Por último, se encuentra la microbiología, que es la ciencia que estudia los organismos procariotas como las bacterias y los eucariotas. Su implicación en la salud humana es notable, ya que sirven para los diagnósticos de enfermedades infecciosas.

La microbiología en el laboratorio se basa en el aislamiento del o los microorganismos causantes o asociados con la infección y de la correcta interpretación de los resultados. No obstante, lo cierto es que se dentro de esta área, las pruebas se pueden clasificar en:

  • Bacteriología. Consiste en examinar la presencia o actividad de organismos microscópicos en la sangre, orina, material fecal, exudados orgánicos o jugo gástrico.
  • Inmunología. En la inmunología, las pruebas se realizan sobre los anticuerpos que revelan la presencia y actividad de microorganismos en el cuerpo humano. El objetivo es estudiar el sistema inmunitario y las pruebas más comunes con el VIH, varicela, herpes, hepatitis…
  • Coproparasitología. Esta categoría se centra en investigar la presencia de parásitos únicamente en materias fecales.
  • Marcadores tumorales. En esta sección se analizan parámetros que ayudan a diagnosticar los diferentes tipos de cánceres que existen.
  • Endocrinología. Se encargada del estudio de la función normal de las glándulas endocrinas, que son las que vierten un producto a la circulación sanguínea. Generalmente, en esta especialidad se realizan pruebas de rutina, aunque también especializadas, como gastrina, Alfa fetoproteína o marcadores tumorales, entre otras.
  • Alergias. Se analizan los alérgenos responsables de las mismas.
  • Toxicología. En esta sección se analizan la presencia de drogas o agentes que son nocivos para el organismo.

 

Riesgos de trabajar en un laboratorio clínico

En definitiva, en un laboratorio clínico se puede analizar un gran abanico de muestras con el objetivo de encontrar un buen diagnóstico y el mejor tratamiento para el paciente. Sin embargo, es importante que todas las personas que trabajen en esta área cumplan con una serie de requisitos de seguridad.
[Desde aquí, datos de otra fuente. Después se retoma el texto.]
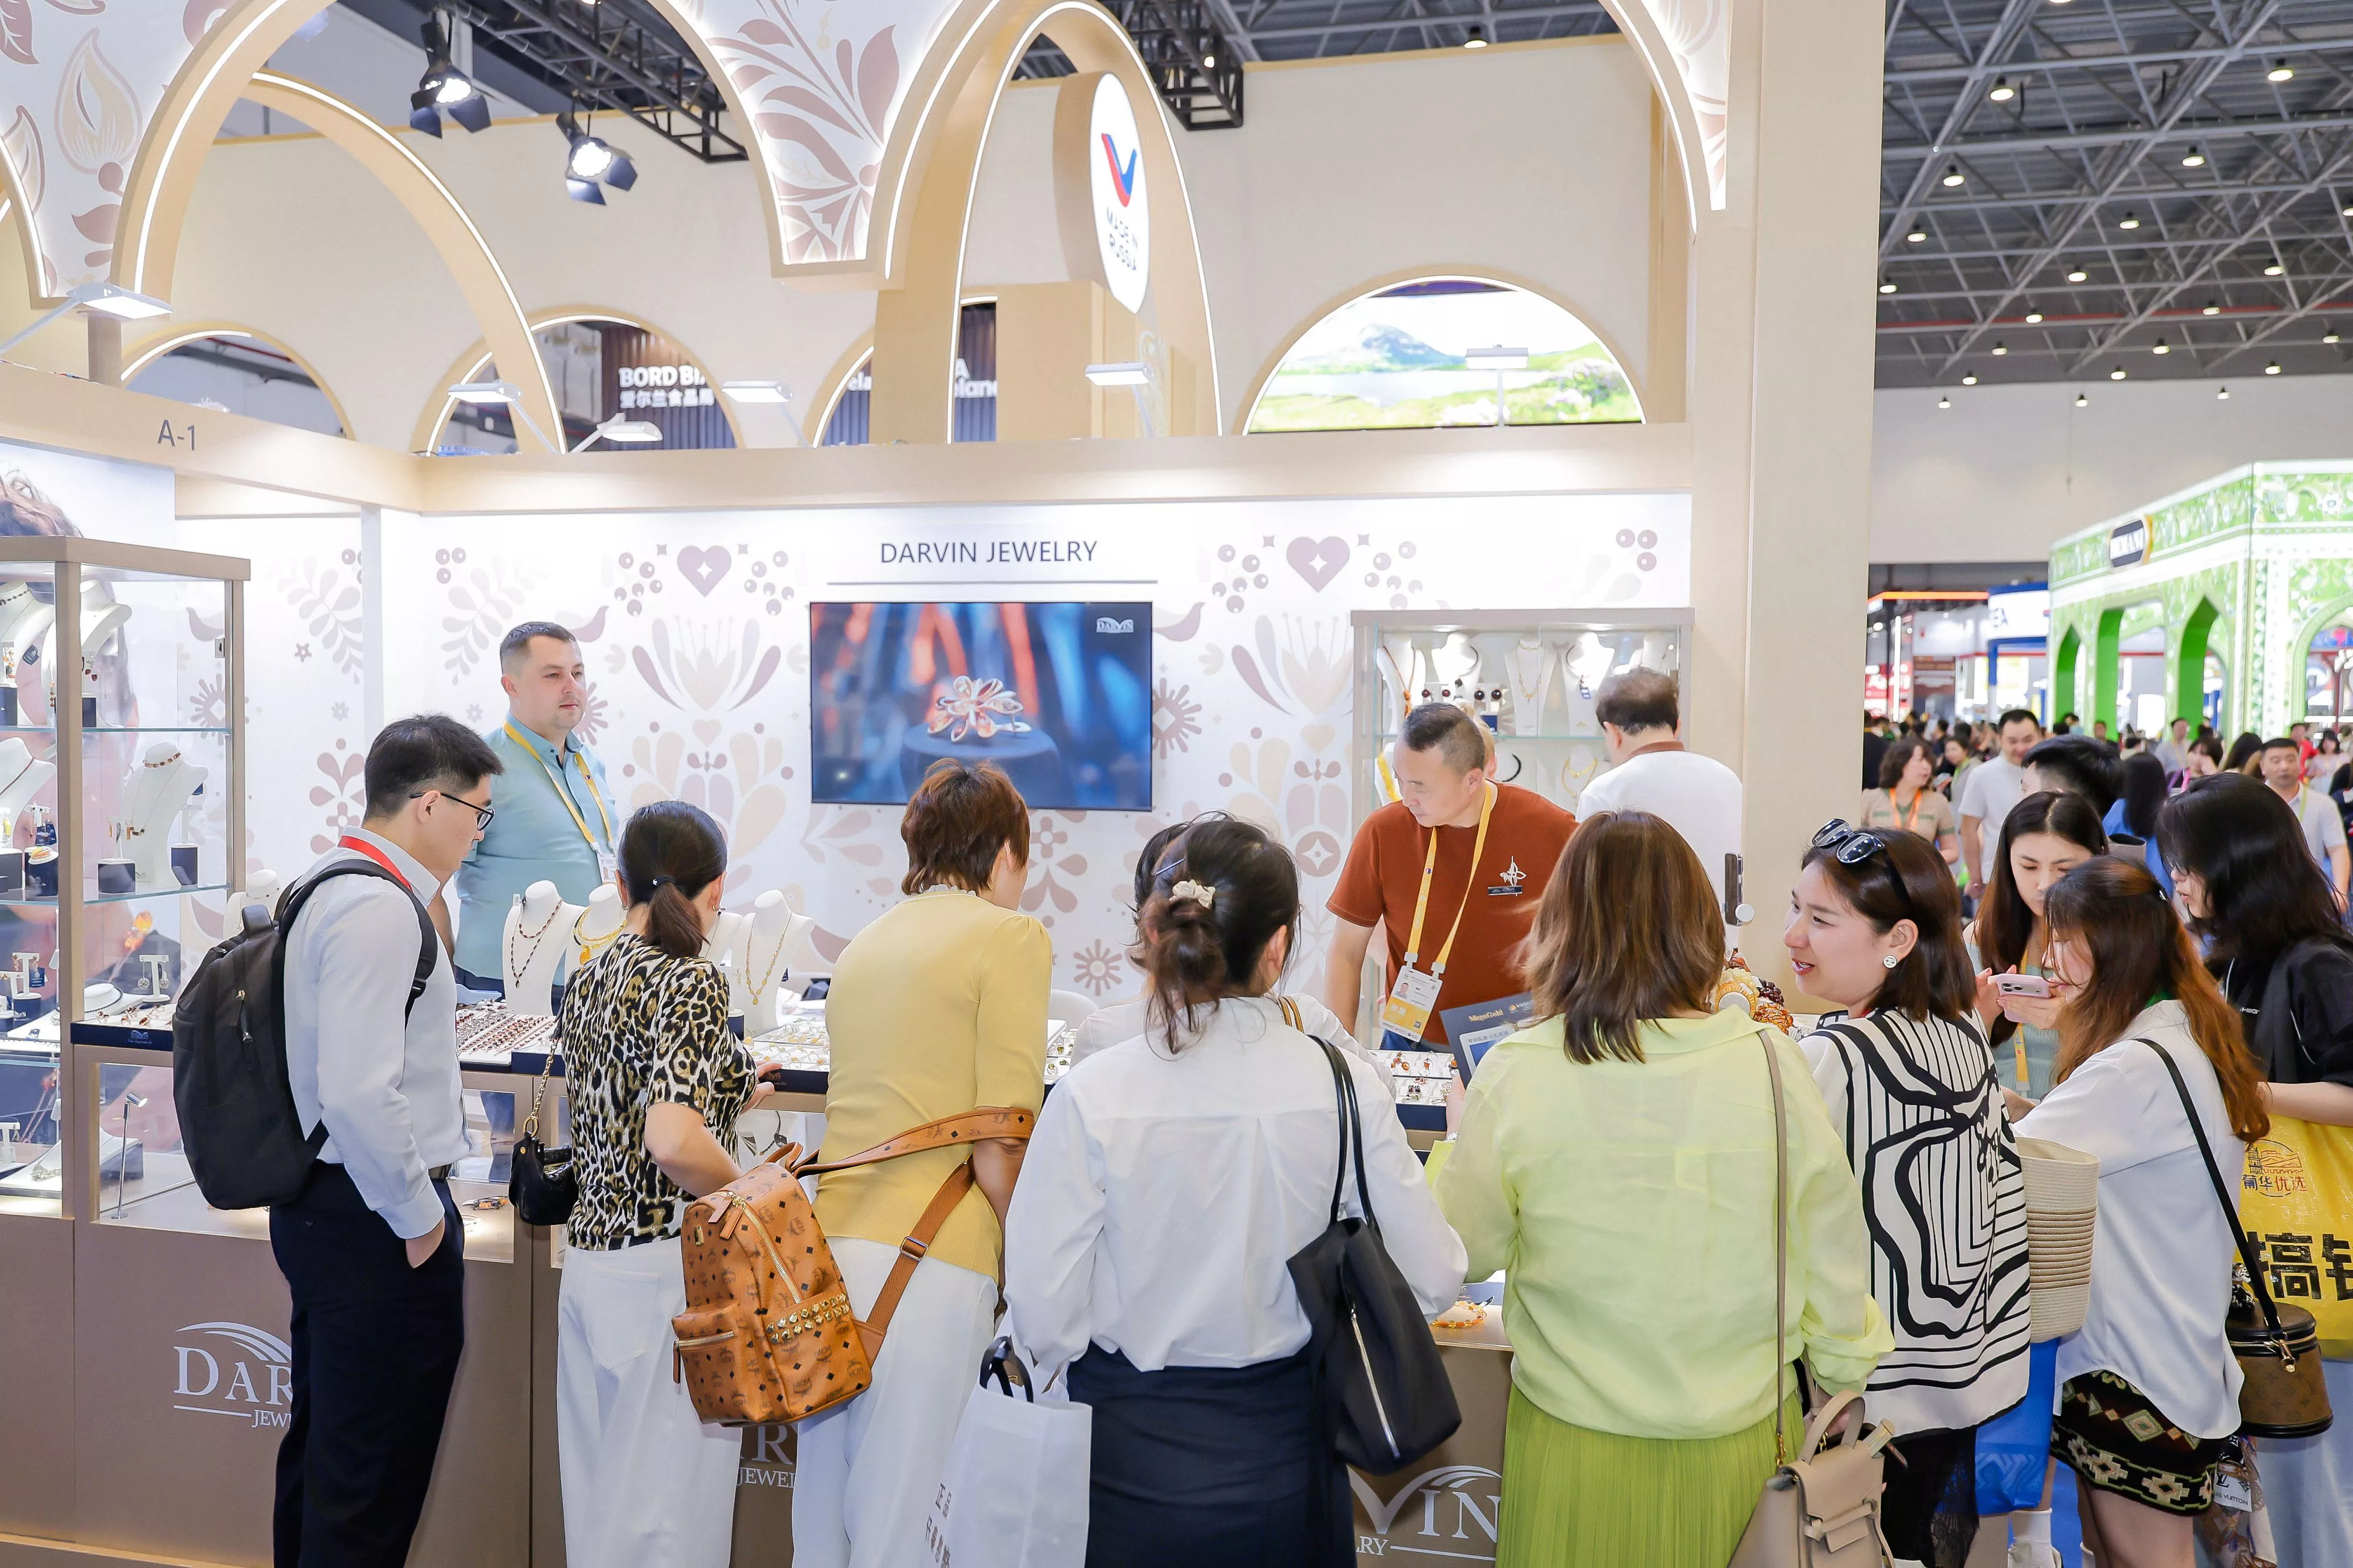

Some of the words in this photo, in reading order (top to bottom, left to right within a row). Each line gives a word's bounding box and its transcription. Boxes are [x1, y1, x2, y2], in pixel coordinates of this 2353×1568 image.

[618, 365, 678, 388] BORD
[158, 419, 195, 451] A-1
[881, 542, 977, 563] DARVIN
[986, 541, 1097, 562] JEWELRY
[252, 1409, 291, 1427] JEW
[2224, 1494, 2248, 1506] VUITTON
Riesgos laborales al trabajar en un laboratorioLos profesionales que trabajen en un laboratorio tienen que manipular muestras biológicas, reactivos químicos y material de diversa índole (gases, sustancias inflamables, biológicas, cancerígenas…) que puede causarles algún daño. Por lo que el riesgo de contaminación es muy alto.

En este sentido, los principales factores de riesgo en un laboratorio son el empleo de métodos y procedimientos de trabajo intrínsecamente peligrosos, los malos hábitos de trabajo, empleo del material inadecuado o de mala calidad, desconocimiento de las características de peligrosidad de las sustancias, falta de espacio y contaminación ambiental.

Por ello, es importante que la persona, antes de comenzar el trabajo, debe seleccionar todos los elementos que vaya a necesitar y organizarlos para que pueda acceder a ellos fácilmente. Además de asegurarse de que esté todo limpio y debidamente marcado. 

Además, las personas que trabajen en un laboratorio clínico también tienen que adquirir buenas prácticas de trabajo, disponer de una información adecuada que le permita realizar el trabajo de una forma segura y trabajar con material suficiente y adecuado a sus necesidades.